Exercise objective → Every line of the data is to be retyped exactly.

Records to use →
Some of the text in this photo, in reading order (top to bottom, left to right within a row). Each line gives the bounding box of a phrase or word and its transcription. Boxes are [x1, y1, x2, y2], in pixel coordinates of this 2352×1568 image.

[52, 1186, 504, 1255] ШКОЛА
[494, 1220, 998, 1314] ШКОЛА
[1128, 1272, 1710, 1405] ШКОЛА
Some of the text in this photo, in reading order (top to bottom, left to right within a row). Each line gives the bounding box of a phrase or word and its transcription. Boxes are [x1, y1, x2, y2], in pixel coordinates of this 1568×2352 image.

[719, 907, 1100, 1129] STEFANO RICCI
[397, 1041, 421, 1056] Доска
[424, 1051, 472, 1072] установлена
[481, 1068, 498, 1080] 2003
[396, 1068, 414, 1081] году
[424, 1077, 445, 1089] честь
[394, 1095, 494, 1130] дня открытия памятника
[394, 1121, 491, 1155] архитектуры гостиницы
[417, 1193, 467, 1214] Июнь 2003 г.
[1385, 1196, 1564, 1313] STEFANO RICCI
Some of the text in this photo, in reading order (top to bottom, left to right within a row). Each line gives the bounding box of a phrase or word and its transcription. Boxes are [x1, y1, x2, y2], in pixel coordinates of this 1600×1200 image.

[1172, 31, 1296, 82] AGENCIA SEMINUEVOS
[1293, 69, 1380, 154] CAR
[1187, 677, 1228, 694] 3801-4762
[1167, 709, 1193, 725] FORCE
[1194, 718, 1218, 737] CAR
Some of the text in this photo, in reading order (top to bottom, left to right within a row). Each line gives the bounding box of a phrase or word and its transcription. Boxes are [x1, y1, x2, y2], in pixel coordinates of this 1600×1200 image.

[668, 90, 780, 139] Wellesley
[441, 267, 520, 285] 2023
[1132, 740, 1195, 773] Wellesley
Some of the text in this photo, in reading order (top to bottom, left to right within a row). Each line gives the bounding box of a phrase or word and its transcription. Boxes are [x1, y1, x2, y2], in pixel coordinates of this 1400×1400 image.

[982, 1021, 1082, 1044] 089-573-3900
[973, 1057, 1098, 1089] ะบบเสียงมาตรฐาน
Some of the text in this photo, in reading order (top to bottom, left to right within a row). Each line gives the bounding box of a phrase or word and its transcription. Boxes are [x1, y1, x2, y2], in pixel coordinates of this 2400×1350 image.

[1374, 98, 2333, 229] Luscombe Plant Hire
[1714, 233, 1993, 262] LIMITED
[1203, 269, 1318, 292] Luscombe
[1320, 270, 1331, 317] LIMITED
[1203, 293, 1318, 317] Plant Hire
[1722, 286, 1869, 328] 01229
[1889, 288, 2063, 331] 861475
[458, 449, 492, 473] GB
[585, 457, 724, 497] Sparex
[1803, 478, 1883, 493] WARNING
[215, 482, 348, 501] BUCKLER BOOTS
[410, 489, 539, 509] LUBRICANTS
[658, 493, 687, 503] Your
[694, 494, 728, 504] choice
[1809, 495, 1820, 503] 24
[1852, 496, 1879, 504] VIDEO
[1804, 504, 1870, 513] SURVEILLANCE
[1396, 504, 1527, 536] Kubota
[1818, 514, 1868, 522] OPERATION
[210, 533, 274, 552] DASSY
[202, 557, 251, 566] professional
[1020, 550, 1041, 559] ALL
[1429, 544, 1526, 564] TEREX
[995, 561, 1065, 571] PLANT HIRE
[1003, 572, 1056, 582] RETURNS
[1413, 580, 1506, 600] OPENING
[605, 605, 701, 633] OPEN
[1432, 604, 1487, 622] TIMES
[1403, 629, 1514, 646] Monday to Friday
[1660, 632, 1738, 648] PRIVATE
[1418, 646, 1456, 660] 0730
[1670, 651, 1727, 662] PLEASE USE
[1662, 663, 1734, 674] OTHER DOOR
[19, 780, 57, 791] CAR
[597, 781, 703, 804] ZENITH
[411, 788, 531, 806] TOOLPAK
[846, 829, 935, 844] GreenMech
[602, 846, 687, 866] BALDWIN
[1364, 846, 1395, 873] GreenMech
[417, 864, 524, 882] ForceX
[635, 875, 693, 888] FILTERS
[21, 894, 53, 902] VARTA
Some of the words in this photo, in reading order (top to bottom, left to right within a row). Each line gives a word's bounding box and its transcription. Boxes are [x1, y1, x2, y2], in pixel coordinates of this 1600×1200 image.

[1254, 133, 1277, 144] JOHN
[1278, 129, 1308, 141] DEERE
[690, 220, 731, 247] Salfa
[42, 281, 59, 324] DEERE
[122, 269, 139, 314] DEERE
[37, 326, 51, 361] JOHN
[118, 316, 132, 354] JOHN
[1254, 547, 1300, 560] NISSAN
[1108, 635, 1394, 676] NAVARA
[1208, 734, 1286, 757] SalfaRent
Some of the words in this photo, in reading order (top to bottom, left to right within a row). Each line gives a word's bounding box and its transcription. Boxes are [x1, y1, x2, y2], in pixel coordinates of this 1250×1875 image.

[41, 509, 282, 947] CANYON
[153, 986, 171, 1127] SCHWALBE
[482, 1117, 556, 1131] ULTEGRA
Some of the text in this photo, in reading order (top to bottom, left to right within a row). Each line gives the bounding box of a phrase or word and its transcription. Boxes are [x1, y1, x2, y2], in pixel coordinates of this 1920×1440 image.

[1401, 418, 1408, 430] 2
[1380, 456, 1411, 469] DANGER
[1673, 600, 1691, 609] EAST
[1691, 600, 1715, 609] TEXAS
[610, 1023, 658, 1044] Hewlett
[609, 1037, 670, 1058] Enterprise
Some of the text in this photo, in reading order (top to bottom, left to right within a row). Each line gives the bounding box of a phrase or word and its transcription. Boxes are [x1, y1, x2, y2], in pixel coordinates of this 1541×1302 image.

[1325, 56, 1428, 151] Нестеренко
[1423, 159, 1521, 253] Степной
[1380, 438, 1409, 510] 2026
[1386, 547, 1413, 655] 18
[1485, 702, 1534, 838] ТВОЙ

Solution for this problem →
Some of the text in this photo, in reading order (top to bottom, left to right within a row). Each line gives the bounding box of a phrase or word and its transcription. Boxes are [x1, y1, x2, y2], in pixel coordinates of this 2352×1568 image.

[52, 1186, 504, 1255] ШКОЛА
[494, 1220, 998, 1314] ШКОЛА
[1128, 1272, 1710, 1405] ШКОЛА
Some of the text in this photo, in reading order (top to bottom, left to right within a row). Each line gives the bounding box of a phrase or word and its transcription. Boxes are [x1, y1, x2, y2], in pixel coordinates of this 1568×2352 image.

[719, 907, 1100, 1129] STEFANO RICCI
[397, 1041, 421, 1056] Доска
[424, 1051, 472, 1072] установлена
[481, 1068, 498, 1080] 2003
[396, 1068, 414, 1081] году
[424, 1077, 445, 1089] честь
[394, 1095, 494, 1130] дня открытия памятника
[394, 1121, 491, 1155] архитектуры гостиницы
[417, 1193, 467, 1214] Июнь 2003 г.
[1385, 1196, 1564, 1313] STEFANO RICCI
Some of the text in this photo, in reading order (top to bottom, left to right within a row). Each line gives the bounding box of a phrase or word and its transcription. Boxes are [x1, y1, x2, y2], in pixel coordinates of this 1600×1200 image.

[1172, 31, 1296, 82] AGENCIA SEMINUEVOS
[1293, 69, 1380, 154] CAR
[1187, 677, 1228, 694] 3801-4762
[1167, 709, 1193, 725] FORCE
[1194, 718, 1218, 737] CAR
Some of the text in this photo, in reading order (top to bottom, left to right within a row). Each line gives the bounding box of a phrase or word and its transcription. Boxes are [x1, y1, x2, y2], in pixel coordinates of this 1600×1200 image.

[668, 90, 780, 139] Wellesley
[441, 267, 520, 285] 2023
[1132, 740, 1195, 773] Wellesley
Some of the text in this photo, in reading order (top to bottom, left to right within a row). Each line gives the bounding box of a phrase or word and its transcription. Boxes are [x1, y1, x2, y2], in pixel coordinates of this 1400×1400 image.

[982, 1021, 1082, 1044] 089-573-3900
[973, 1057, 1098, 1089] ะบบเสียงมาตรฐาน
Some of the text in this photo, in reading order (top to bottom, left to right within a row). Each line gives the bounding box of a phrase or word and its transcription. Boxes are [x1, y1, x2, y2], in pixel coordinates of this 2400×1350 image.

[1374, 98, 2333, 229] Luscombe Plant Hire
[1714, 233, 1993, 262] LIMITED
[1203, 269, 1318, 292] Luscombe
[1320, 270, 1331, 317] LIMITED
[1203, 293, 1318, 317] Plant Hire
[1722, 286, 1869, 328] 01229
[1889, 288, 2063, 331] 861475
[458, 449, 492, 473] GB
[585, 457, 724, 497] Sparex
[1803, 478, 1883, 493] WARNING
[215, 482, 348, 501] BUCKLER BOOTS
[410, 489, 539, 509] LUBRICANTS
[658, 493, 687, 503] Your
[694, 494, 728, 504] choice
[1809, 495, 1820, 503] 24
[1852, 496, 1879, 504] VIDEO
[1804, 504, 1870, 513] SURVEILLANCE
[1396, 504, 1527, 536] Kubota
[1818, 514, 1868, 522] OPERATION
[210, 533, 274, 552] DASSY
[202, 557, 251, 566] professional
[1020, 550, 1041, 559] ALL
[1429, 544, 1526, 564] TEREX
[995, 561, 1065, 571] PLANT HIRE
[1003, 572, 1056, 582] RETURNS
[1413, 580, 1506, 600] OPENING
[605, 605, 701, 633] OPEN
[1432, 604, 1487, 622] TIMES
[1403, 629, 1514, 646] Monday to Friday
[1660, 632, 1738, 648] PRIVATE
[1418, 646, 1456, 660] 0730
[1670, 651, 1727, 662] PLEASE USE
[1662, 663, 1734, 674] OTHER DOOR
[19, 780, 57, 791] CAR
[597, 781, 703, 804] ZENITH
[411, 788, 531, 806] TOOLPAK
[846, 829, 935, 844] GreenMech
[602, 846, 687, 866] BALDWIN
[1364, 846, 1395, 873] GreenMech
[417, 864, 524, 882] ForceX
[635, 875, 693, 888] FILTERS
[21, 894, 53, 902] VARTA
Some of the words in this photo, in reading order (top to bottom, left to right within a row). Each line gives a word's bounding box and its transcription. Boxes are [x1, y1, x2, y2], in pixel coordinates of this 1600×1200 image.

[1254, 133, 1277, 144] JOHN
[1278, 129, 1308, 141] DEERE
[690, 220, 731, 247] Salfa
[42, 281, 59, 324] DEERE
[122, 269, 139, 314] DEERE
[37, 326, 51, 361] JOHN
[118, 316, 132, 354] JOHN
[1254, 547, 1300, 560] NISSAN
[1108, 635, 1394, 676] NAVARA
[1208, 734, 1286, 757] SalfaRent
Some of the words in this photo, in reading order (top to bottom, left to right within a row). Each line gives a word's bounding box and its transcription. Boxes are [x1, y1, x2, y2], in pixel coordinates of this 1250×1875 image.

[41, 509, 282, 947] CANYON
[153, 986, 171, 1127] SCHWALBE
[482, 1117, 556, 1131] ULTEGRA
Some of the text in this photo, in reading order (top to bottom, left to right within a row). Each line gives the bounding box of a phrase or word and its transcription. Boxes are [x1, y1, x2, y2], in pixel coordinates of this 1920×1440 image.

[1401, 418, 1408, 430] 2
[1380, 456, 1411, 469] DANGER
[1673, 600, 1691, 609] EAST
[1691, 600, 1715, 609] TEXAS
[610, 1023, 658, 1044] Hewlett
[609, 1037, 670, 1058] Enterprise
Some of the text in this photo, in reading order (top to bottom, left to right within a row). Each line gives the bounding box of a phrase or word and its transcription. Boxes are [x1, y1, x2, y2], in pixel coordinates of this 1541×1302 image.

[1325, 56, 1428, 151] Нестеренко
[1423, 159, 1521, 253] Степной
[1380, 438, 1409, 510] 2026
[1386, 547, 1413, 655] 18
[1485, 702, 1534, 838] ТВОЙ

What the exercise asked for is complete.